→ Task instructions
Print each entry exactly, all the way through.

(Referring expression grounding data)
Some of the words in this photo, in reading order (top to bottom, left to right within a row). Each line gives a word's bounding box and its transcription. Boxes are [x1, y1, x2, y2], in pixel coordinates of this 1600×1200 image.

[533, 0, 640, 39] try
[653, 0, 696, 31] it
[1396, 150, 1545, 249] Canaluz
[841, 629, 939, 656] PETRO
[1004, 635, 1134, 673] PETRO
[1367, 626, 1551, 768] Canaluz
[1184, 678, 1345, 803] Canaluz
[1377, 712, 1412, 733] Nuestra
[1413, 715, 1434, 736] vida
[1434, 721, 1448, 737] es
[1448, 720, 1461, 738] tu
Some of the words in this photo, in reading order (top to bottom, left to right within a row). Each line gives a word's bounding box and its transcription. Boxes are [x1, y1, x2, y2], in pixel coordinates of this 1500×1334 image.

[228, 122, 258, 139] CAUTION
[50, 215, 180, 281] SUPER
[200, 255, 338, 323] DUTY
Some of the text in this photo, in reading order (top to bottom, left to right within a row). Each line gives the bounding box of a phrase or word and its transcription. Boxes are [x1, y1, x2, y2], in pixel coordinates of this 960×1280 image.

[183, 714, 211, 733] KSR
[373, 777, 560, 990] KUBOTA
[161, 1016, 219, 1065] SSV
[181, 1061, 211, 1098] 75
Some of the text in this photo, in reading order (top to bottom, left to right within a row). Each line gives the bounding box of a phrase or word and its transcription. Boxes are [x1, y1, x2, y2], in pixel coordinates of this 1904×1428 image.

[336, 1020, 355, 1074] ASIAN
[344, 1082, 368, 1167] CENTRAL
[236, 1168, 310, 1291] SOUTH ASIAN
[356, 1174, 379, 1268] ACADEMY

→ Answer section
Some of the words in this photo, in reading order (top to bottom, left to right within a row). Each line gives a word's bounding box and its transcription. Boxes are [x1, y1, x2, y2], in pixel coordinates of this 1600×1200 image.

[533, 0, 640, 39] try
[653, 0, 696, 31] it
[1396, 150, 1545, 249] Canaluz
[841, 629, 939, 656] PETRO
[1004, 635, 1134, 673] PETRO
[1367, 626, 1551, 768] Canaluz
[1184, 678, 1345, 803] Canaluz
[1377, 712, 1412, 733] Nuestra
[1413, 715, 1434, 736] vida
[1434, 721, 1448, 737] es
[1448, 720, 1461, 738] tu
Some of the words in this photo, in reading order (top to bottom, left to right within a row). Each line gives a word's bounding box and its transcription. Boxes are [x1, y1, x2, y2], in pixel coordinates of this 1500×1334 image.

[228, 122, 258, 139] CAUTION
[50, 215, 180, 281] SUPER
[200, 255, 338, 323] DUTY
Some of the text in this photo, in reading order (top to bottom, left to right within a row). Each line gives the bounding box of a phrase or word and its transcription. Boxes are [x1, y1, x2, y2], in pixel coordinates of this 960×1280 image.

[183, 714, 211, 733] KSR
[373, 777, 560, 990] KUBOTA
[161, 1016, 219, 1065] SSV
[181, 1061, 211, 1098] 75
Some of the text in this photo, in reading order (top to bottom, left to right within a row). Each line gives the bounding box of a phrase or word and its transcription. Boxes are [x1, y1, x2, y2], in pixel coordinates of this 1904×1428 image.

[336, 1020, 355, 1074] ASIAN
[344, 1082, 368, 1167] CENTRAL
[236, 1168, 310, 1291] SOUTH ASIAN
[356, 1174, 379, 1268] ACADEMY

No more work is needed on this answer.